Task data -
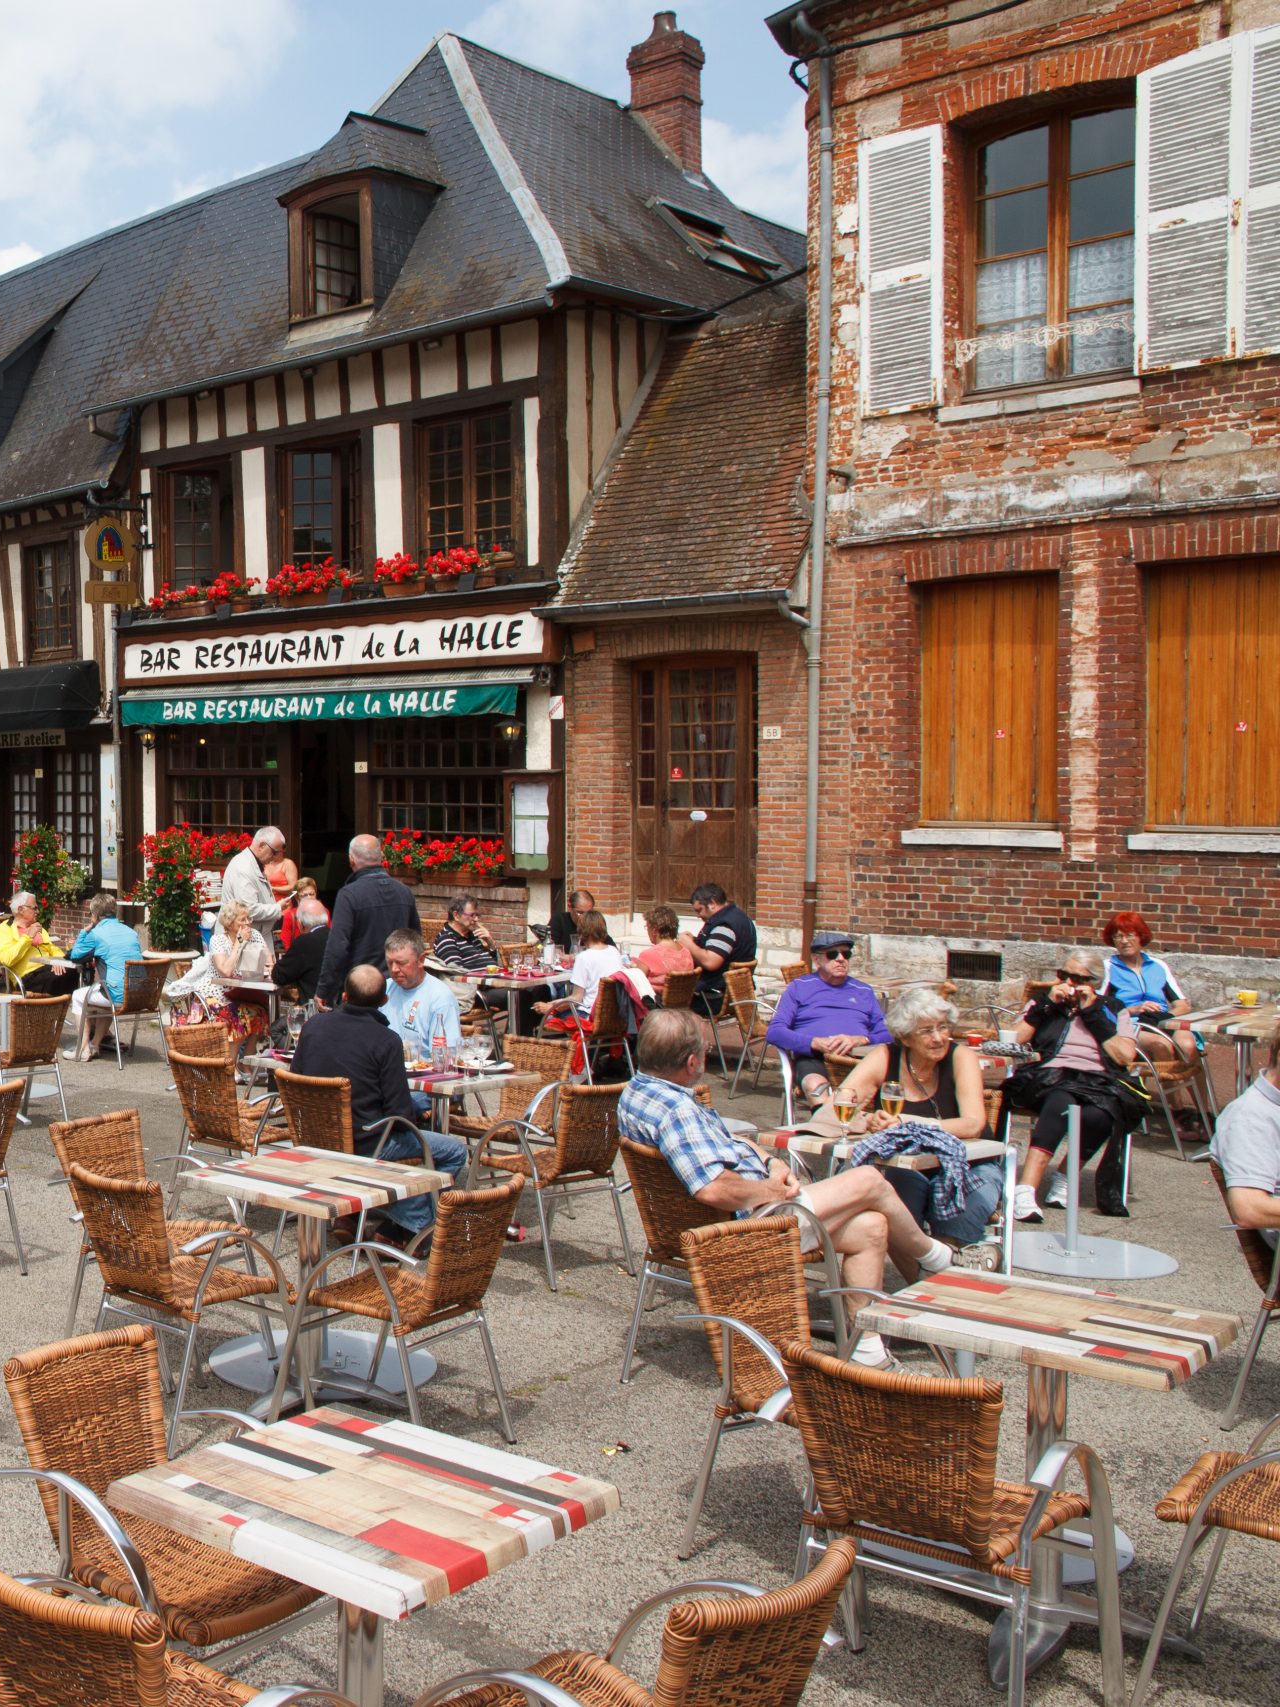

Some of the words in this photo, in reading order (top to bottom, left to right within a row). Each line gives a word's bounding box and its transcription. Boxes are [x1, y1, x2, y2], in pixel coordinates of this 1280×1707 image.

[140, 648, 181, 674] BAR
[195, 635, 345, 669] RESTAURANT
[361, 632, 385, 660] de
[439, 620, 524, 653] HALLE
[162, 701, 197, 720] BAR
[203, 696, 326, 719] RESTAURANT
[334, 695, 354, 716] de
[364, 693, 381, 715] la
[389, 689, 458, 716] HALLE
[23, 731, 62, 746] atelier
[766, 728, 778, 737] 5B

Problem to work on - Retype the records above exactly, leaving every picture out of your copy.

Answer area -
Some of the words in this photo, in reading order (top to bottom, left to right within a row). Each line gives a word's bounding box and its transcription. Boxes are [x1, y1, x2, y2], in pixel coordinates of this 1280×1707 image.

[140, 648, 181, 674] BAR
[195, 635, 345, 669] RESTAURANT
[361, 632, 385, 660] de
[439, 620, 524, 653] HALLE
[162, 701, 197, 720] BAR
[203, 696, 326, 719] RESTAURANT
[334, 695, 354, 716] de
[364, 693, 381, 715] la
[389, 689, 458, 716] HALLE
[23, 731, 62, 746] atelier
[766, 728, 778, 737] 5B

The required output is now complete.